- _Records shown_
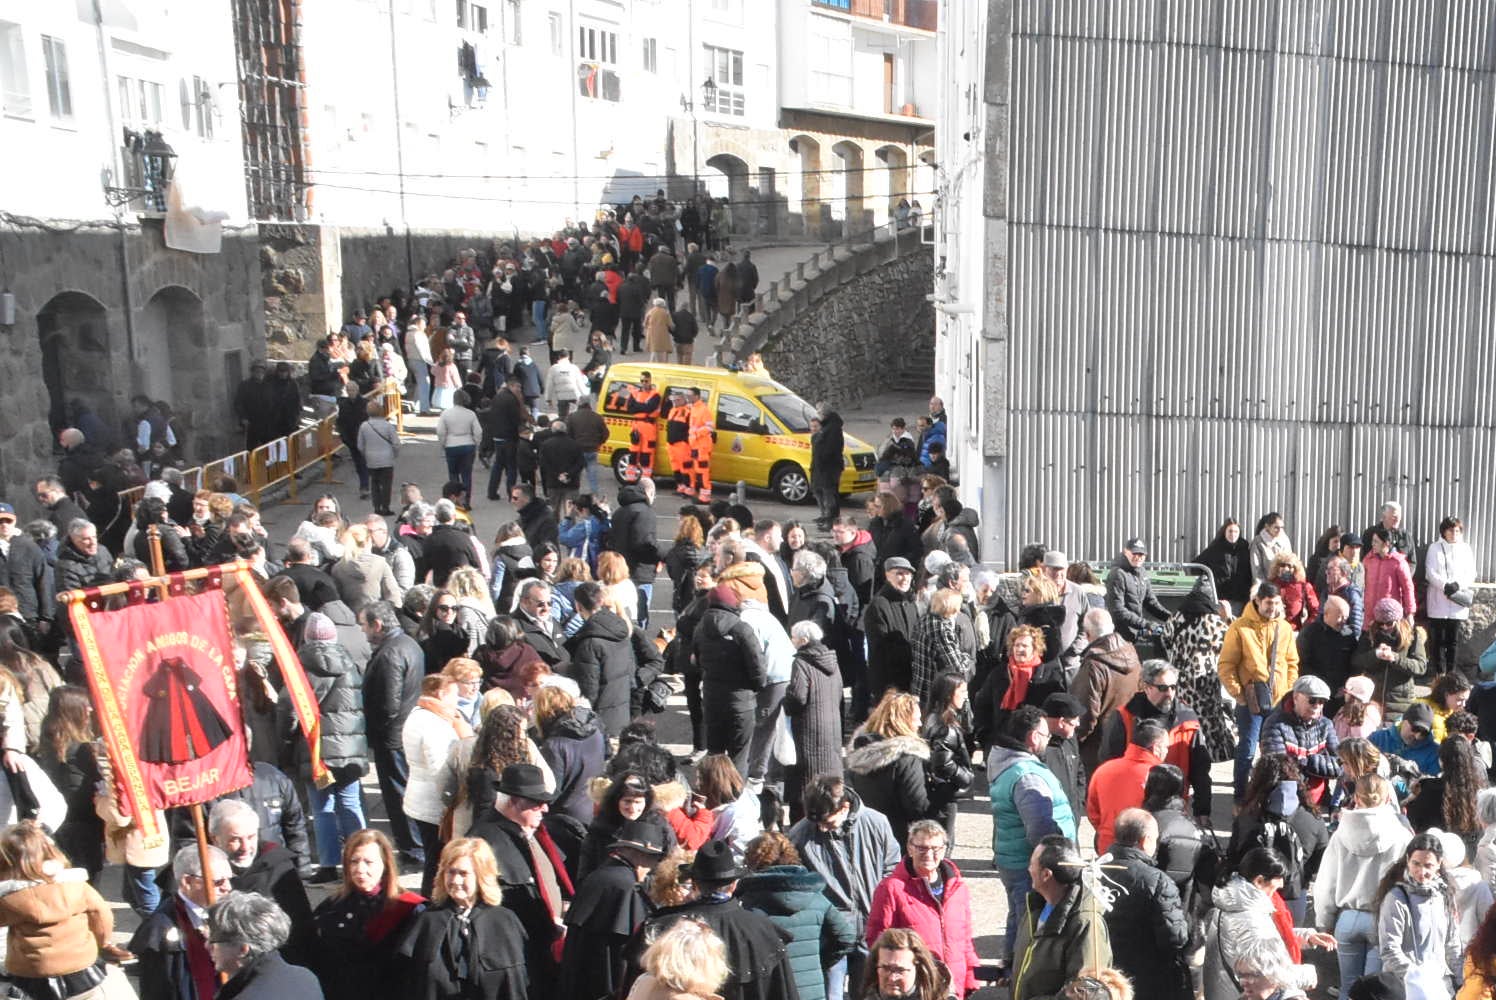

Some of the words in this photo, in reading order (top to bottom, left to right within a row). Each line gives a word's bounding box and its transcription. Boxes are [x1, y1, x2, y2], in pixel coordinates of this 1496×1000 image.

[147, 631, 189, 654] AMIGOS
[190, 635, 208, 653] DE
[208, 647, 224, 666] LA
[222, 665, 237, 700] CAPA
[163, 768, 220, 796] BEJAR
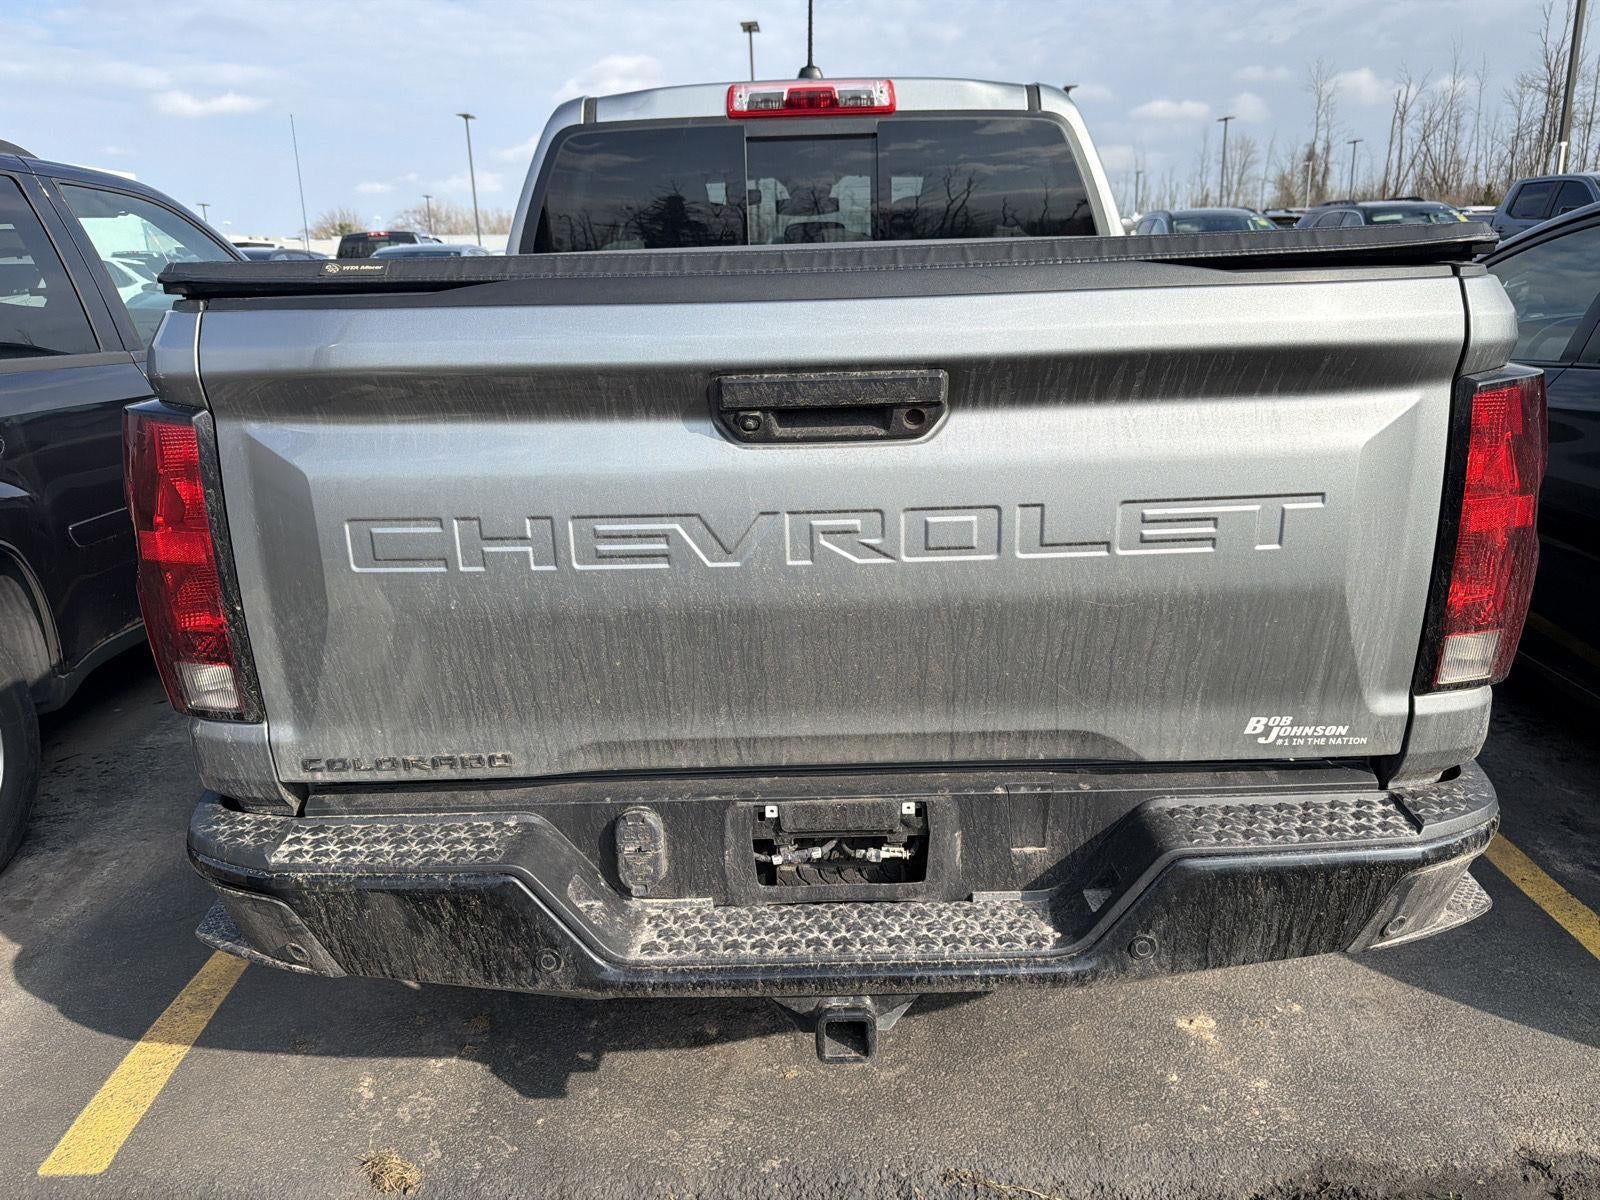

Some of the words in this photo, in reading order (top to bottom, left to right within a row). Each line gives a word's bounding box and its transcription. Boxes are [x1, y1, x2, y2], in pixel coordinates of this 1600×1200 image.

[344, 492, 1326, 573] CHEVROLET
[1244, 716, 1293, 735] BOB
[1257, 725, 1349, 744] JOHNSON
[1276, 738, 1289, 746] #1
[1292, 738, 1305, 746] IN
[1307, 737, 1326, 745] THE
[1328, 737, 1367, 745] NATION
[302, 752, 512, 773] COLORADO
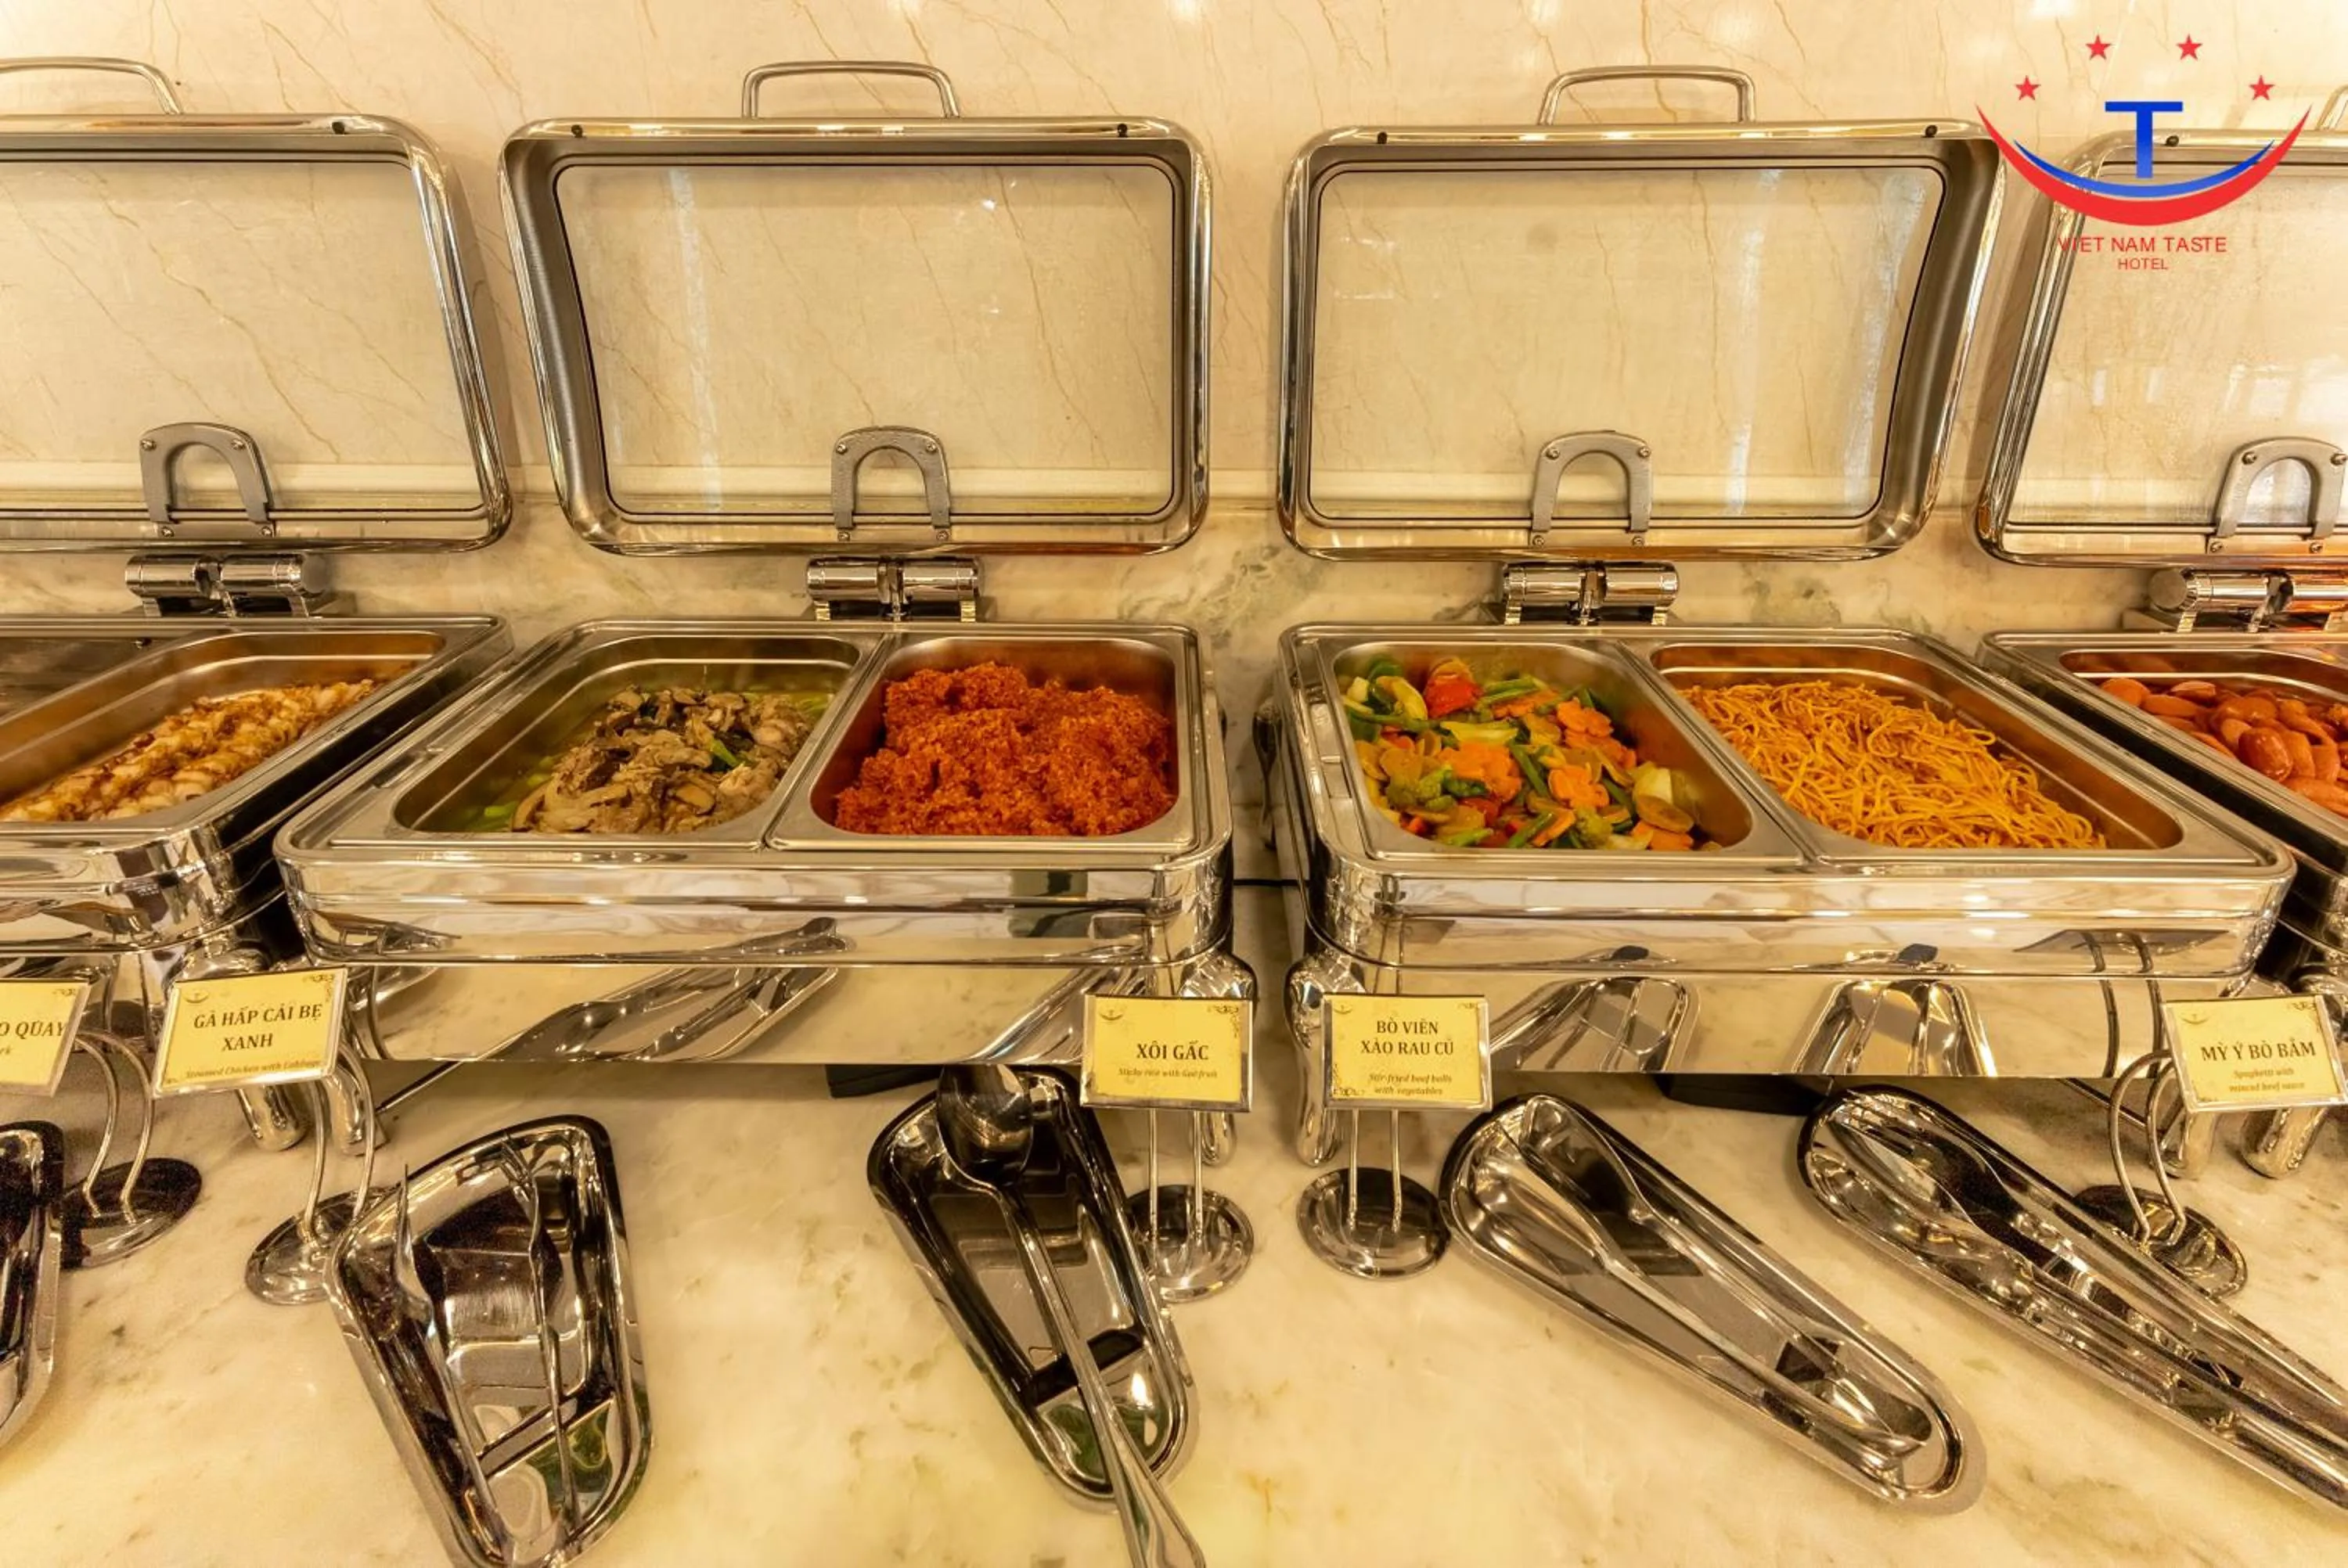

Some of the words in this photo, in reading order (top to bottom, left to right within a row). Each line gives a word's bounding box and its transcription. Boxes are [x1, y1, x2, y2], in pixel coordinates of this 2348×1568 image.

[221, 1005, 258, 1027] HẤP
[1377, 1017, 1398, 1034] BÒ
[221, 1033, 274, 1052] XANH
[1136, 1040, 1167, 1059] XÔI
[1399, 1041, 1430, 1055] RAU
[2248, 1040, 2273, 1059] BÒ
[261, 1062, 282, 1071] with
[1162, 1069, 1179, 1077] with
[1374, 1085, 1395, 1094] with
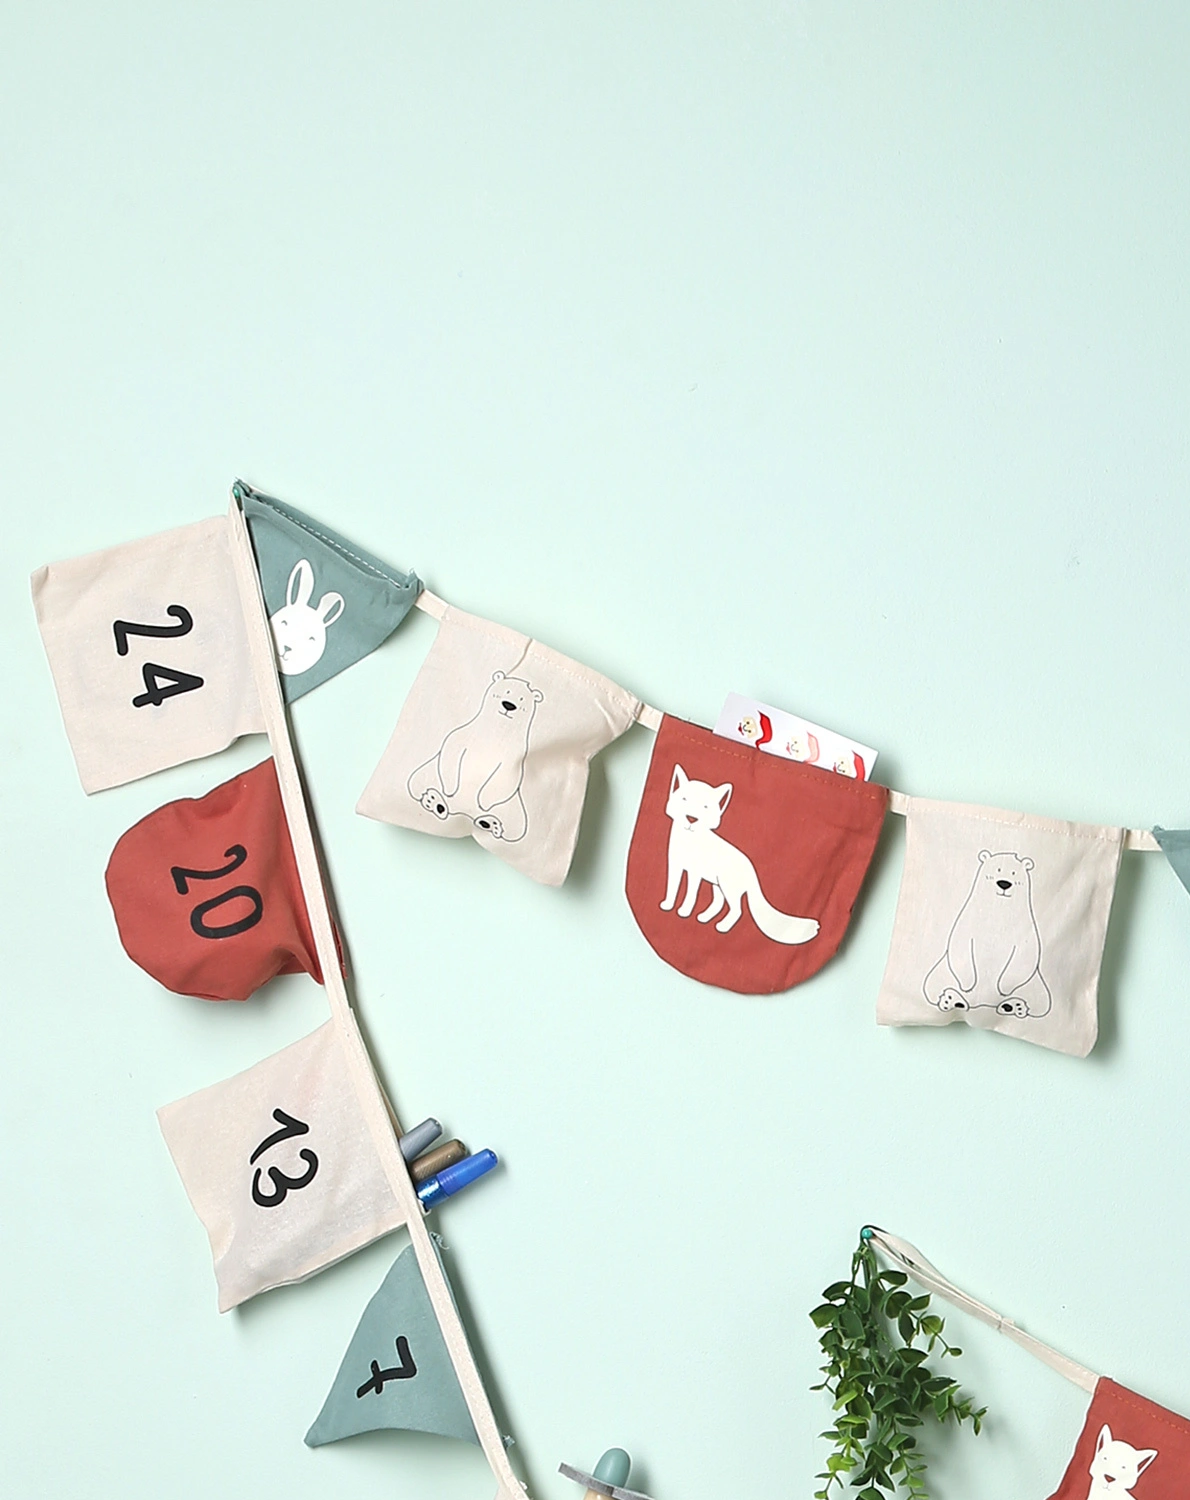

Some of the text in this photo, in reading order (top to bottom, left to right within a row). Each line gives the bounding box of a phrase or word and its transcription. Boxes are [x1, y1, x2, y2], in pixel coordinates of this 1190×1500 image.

- _What is expected_
Return the whole listing exactly, minus its pictures.

- _Final answer_
Some of the words in this photo, in reading order (top to bottom, left to right within a row). Each line gives a word's bounding box and its transcription. Boxes are [x1, y1, x2, y2], in pixel coordinates of this 1496×1000 image.

[147, 631, 189, 654] AMIGOS
[190, 635, 208, 653] DE
[208, 647, 224, 666] LA
[222, 665, 237, 700] CAPA
[163, 768, 220, 796] BEJAR

Some of the words in this photo, in reading order (top to bottom, left to right within a row). Each line gives a word's bounding box and its transcription. Boxes are [x1, y1, x2, y2], in pixel coordinates of this 1600×1200 image.

[344, 492, 1326, 573] CHEVROLET
[1244, 716, 1293, 735] BOB
[1257, 725, 1349, 744] JOHNSON
[1276, 738, 1289, 746] #1
[1292, 738, 1305, 746] IN
[1307, 737, 1326, 745] THE
[1328, 737, 1367, 745] NATION
[302, 752, 512, 773] COLORADO

Some of the words in this photo, in reading order (top to bottom, left to right within a row). Each line gives a word's bounding box and its transcription. Boxes are [x1, y1, x2, y2], in pixel coordinates of this 2348×1568 image.

[221, 1005, 258, 1027] HẤP
[1377, 1017, 1398, 1034] BÒ
[221, 1033, 274, 1052] XANH
[1136, 1040, 1167, 1059] XÔI
[1399, 1041, 1430, 1055] RAU
[2248, 1040, 2273, 1059] BÒ
[261, 1062, 282, 1071] with
[1162, 1069, 1179, 1077] with
[1374, 1085, 1395, 1094] with

Some of the text in this photo, in reading order (top to bottom, left to right within a row). Each line gives the bounding box of a phrase or word and its transcription. Boxes are [x1, y1, x2, y2], in pixel coordinates of this 1190×1500 image.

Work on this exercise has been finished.